A declaração foi dada neste domingo, 19, durante agenda em que os dois participaram no Santuário Frei Galvão, em Guaratinguetá (SP).

"Era perfeito, completo em tudo. Maior articulador. Já tenho o seu apoio. Pode ter certeza, isso daí fecharia com chave de ouro", disse Caiado a jornalistas.

Segundo o ex-governador de Goiás, a negociação sobre a formação da chapa tem sido articulada dentro do partido.

"Nós estamos evoluindo, mas, neste momento, eu quero deixar claro que nós estamos evoluindo mais na parte da construção do plano de governo.", disse. A previsão é que a construção do programa seja finalizada até a convenção do PSD, prevista para julho.

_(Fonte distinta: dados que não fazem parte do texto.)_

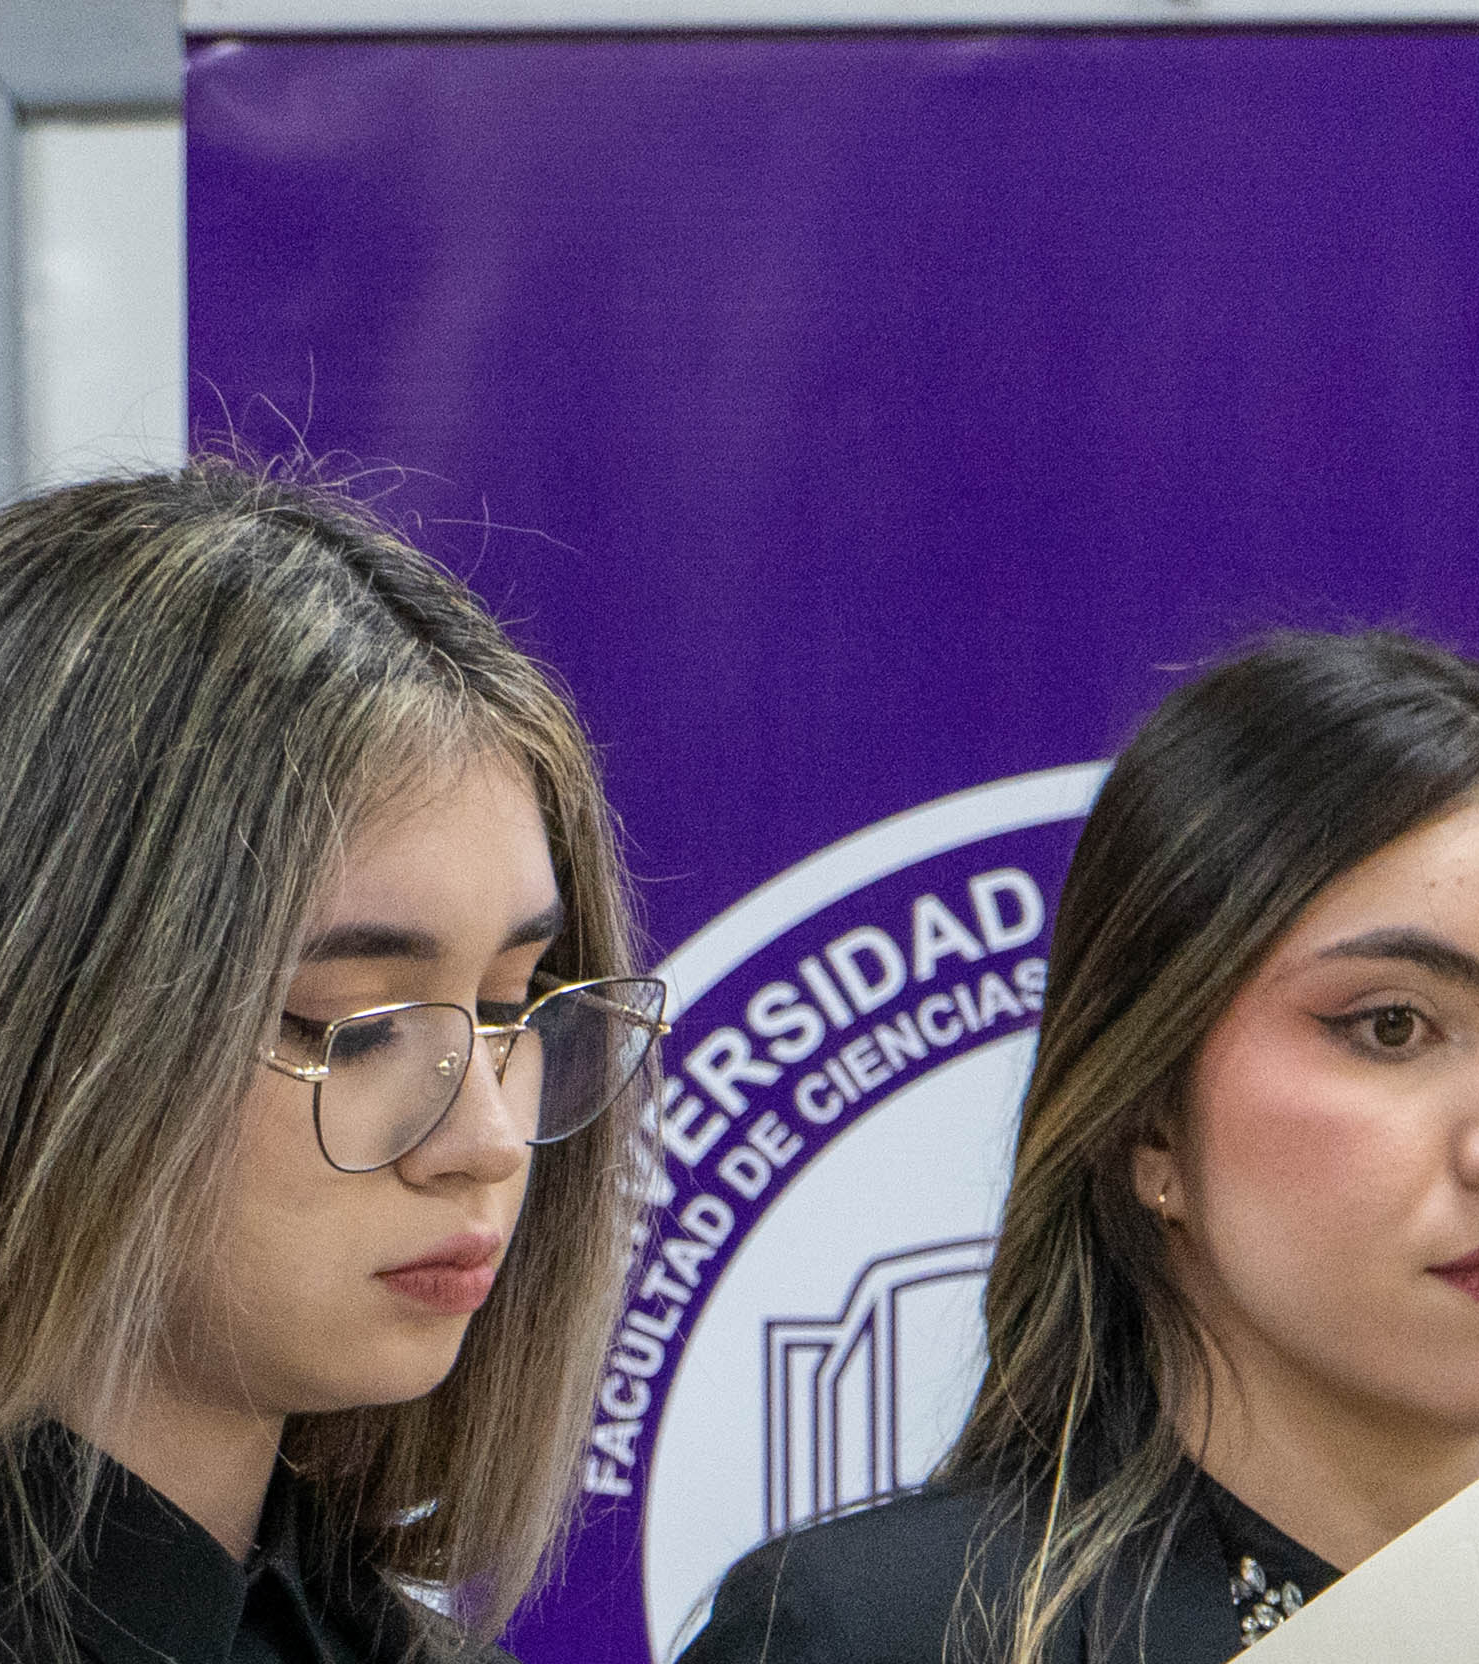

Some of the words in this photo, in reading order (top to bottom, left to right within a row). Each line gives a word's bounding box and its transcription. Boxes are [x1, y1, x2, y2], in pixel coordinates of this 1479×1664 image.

[583, 1193, 735, 1498] FACULTAD
[717, 1109, 806, 1202] DE
[793, 957, 1049, 1125] CIENCIAS

Ronaldo Caiado foi escolhido pré-candidato ao Planalto pela sigla no fim do mês passado. Após a desistência do governador paranaense Ratinho Júnior, o PSD deveria optar entre Caiado e Eduardo Leite, governador do Rio Grande do Sul.

Em seu perfil no X (antigo Twitter), Kassab registrou o compromisso em Guaratinguetá e ressaltou que após a cerimônia no santuário, o prefeito Junior Filippo (PSD) e "lideranças políticas e empresariais da região" ofereceram um almoço a Caiado.

No passado, a relação entre os dois já foi marcada por embates públicos. Em 2015, então senador, Caiado se referiu a Kassab como "traíra" e "cafetão do Planalto", acusando-o de cooptar parlamentares. Também afirmou que ele tinha "caráter líquido" e se moldava "ao formato do poder".

As postagens no X em que os comentários foram feitos já não estão mais no ar. Gilberto Kassab comentou o assunto no início do ano, pouco depois da filiação de Caiado ao PSD, quando prints das publicações voltaram a circular nas redes.

Segundo o dirigente, os dois mantêm uma relação de amizade "há muitos anos" e as críticas ocorreram em um momento de "muito estresse", em que o PSD se consolidava e o então Democratas (DEM), ao qual Caiado era filiado, atravessava uma crise interna

O presidente do PSD afirmou ainda que, poucos dias depois das publicações, Caiado entrou em contato para se retratar. "O Caiado ligou, pediu desculpas e, durante esses anos todos, tivemos várias oportunidades juntos. Eu posso dizer que somos amigos e há muito respeito da minha parte com ele e dele comigo", disse.